Your assignment —
Would you please reproduce all the entries exactly, leaving the pictures out?

Source data —
####################

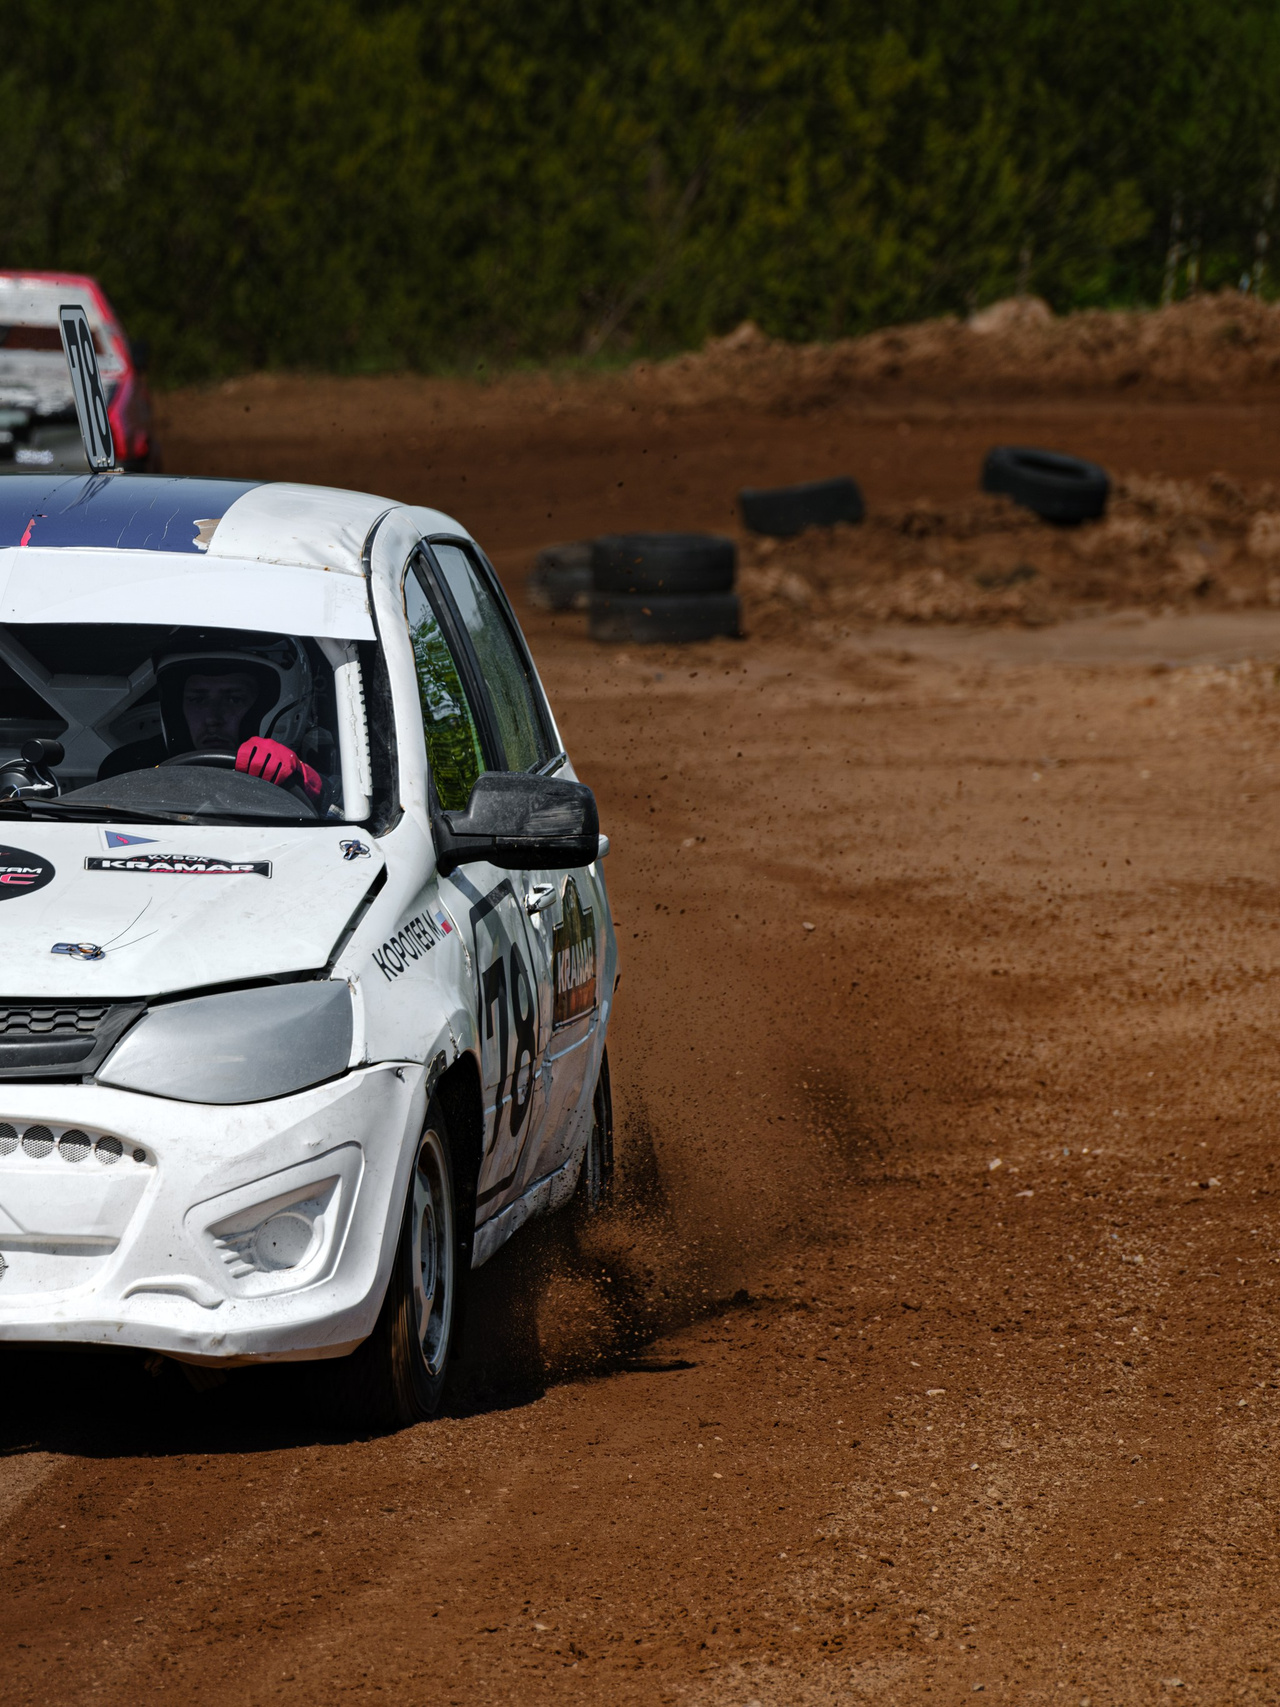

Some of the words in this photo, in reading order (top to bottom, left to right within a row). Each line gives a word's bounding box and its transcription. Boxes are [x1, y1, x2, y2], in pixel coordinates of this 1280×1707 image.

[62, 318, 112, 458] 78
[101, 860, 255, 872] KRAMAR
[371, 917, 436, 982] КОРОЛЕВ
[557, 936, 594, 994] KRAMAR
[482, 941, 535, 1156] 78

####################

Finished exercise —
Some of the words in this photo, in reading order (top to bottom, left to right within a row). Each line gives a word's bounding box and its transcription. Boxes are [x1, y1, x2, y2], in pixel coordinates of this 1280×1707 image.

[62, 318, 112, 458] 78
[101, 860, 255, 872] KRAMAR
[371, 917, 436, 982] КОРОЛЕВ
[557, 936, 594, 994] KRAMAR
[482, 941, 535, 1156] 78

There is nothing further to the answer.